De même, pour la librairie indépendante, qui « se trouvent dans une précarité générale inquiétante », note l'élue. Des malaises « reliés au déséquilibre politique général, dont l'origine est un court-termisme maladif », autant qu'une austérité qui frappe l'Europe, et ses budgets, tout particulièrement dans le monde de la culture, ajoute-t-elle. 

 

Danielle Simonnet encourage la ministre à démontrer un « engagement fort inter-gouvernemental », tout en parvenant à redonner un peu d'oxygène à l'ensemble de la chaîne du livre. Cette dernière, pour le cas français, souffre de ce que les groupes financiers, comme Planeta (Espagne), propriétaire d'Editis, ou Hachette Livre, n'envisagent pas « de création acceptable hors courbes de productivité et de rentabilité »

 

L'Association de Défense des Métiers du Livre a présenté quatre mesures, rappelle l'élue, dans son Plan livre.

 

1. Facturation des frais de port pour les sites de vente en ligne, 

2. Priorité accordée aux libraires indépendants pour l'attribution de marchés publics,

3. Soutien à la création d'un comptoir national de l'édition et de la librairie indépendante

4. Respect des mécanismes de la loi Lang, dérogatoires aux seuls effets du marché

 

Si sur ces différentes mesures, on sait que le travail du ministère, et des parlementaires, avance, toutes, note l'élue du XXe ont de quoi « rassurer, conforter et renforcer les librairies indépendantes ». Car c'est toute la chaîne du livre qui doit être aujourd'hui rééquilibrée, les enseignes pas plus que les commerces géants n'assurant l'investissement nécessaire en matière d'écrit et de culture - autant que la librairie peut le faire. 

 

Que la ministre prête donc un peu d'attention au Plan livre de l'ADML, au moins autant que le Parti de gauche entend lui en consacrer, avec de nombreux professionnels et responsables politiques. 

 

Quant au sort des bibliothèques, et leur devenir, il souffre de ce qu' « aucun investissement fort de l'État n'est venu les conforter depuis des années.

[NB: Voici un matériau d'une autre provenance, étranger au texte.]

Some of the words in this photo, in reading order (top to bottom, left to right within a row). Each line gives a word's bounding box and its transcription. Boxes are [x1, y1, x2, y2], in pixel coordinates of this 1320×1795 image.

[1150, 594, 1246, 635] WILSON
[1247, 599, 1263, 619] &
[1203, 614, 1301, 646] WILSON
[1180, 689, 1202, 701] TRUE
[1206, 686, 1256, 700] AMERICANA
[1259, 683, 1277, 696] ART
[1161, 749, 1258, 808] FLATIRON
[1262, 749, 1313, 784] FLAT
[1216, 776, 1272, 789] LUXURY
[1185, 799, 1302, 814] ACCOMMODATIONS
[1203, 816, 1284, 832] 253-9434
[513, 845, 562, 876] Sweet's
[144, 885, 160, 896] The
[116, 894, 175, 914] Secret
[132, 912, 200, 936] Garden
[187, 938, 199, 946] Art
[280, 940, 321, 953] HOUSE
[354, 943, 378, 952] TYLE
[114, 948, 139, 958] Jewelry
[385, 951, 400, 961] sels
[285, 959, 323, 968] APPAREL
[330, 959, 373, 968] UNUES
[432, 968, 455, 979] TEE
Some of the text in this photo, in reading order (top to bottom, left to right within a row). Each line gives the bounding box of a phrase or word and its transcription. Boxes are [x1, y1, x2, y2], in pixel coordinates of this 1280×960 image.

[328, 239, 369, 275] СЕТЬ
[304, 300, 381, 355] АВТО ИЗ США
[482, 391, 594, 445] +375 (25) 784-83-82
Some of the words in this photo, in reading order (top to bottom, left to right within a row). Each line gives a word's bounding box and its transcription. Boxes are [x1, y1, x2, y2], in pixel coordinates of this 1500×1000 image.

Les personnels constatent, jour après jour, les manques de moyens et d'autonomie ». Dans ce contexte, comment ne pas craindre, en plus du délaissement dont les établissements sont victimes, que l'on n'assiste pas à une désertion progressive ? 

 

« L'avenir des professions du livre doit redevenir un dossier prioritaire si l'on veut qu'une création éditoriale plurielle soit valorisée et mise à la disposition d'un public large et intéressé. Une dynamique d'appropriation des livres par les lectrices et lecteurs passe par un traitement global, transversal, de l'instabilité et de la précarité de la chaîne du livre », conclut Danielle Simonnet.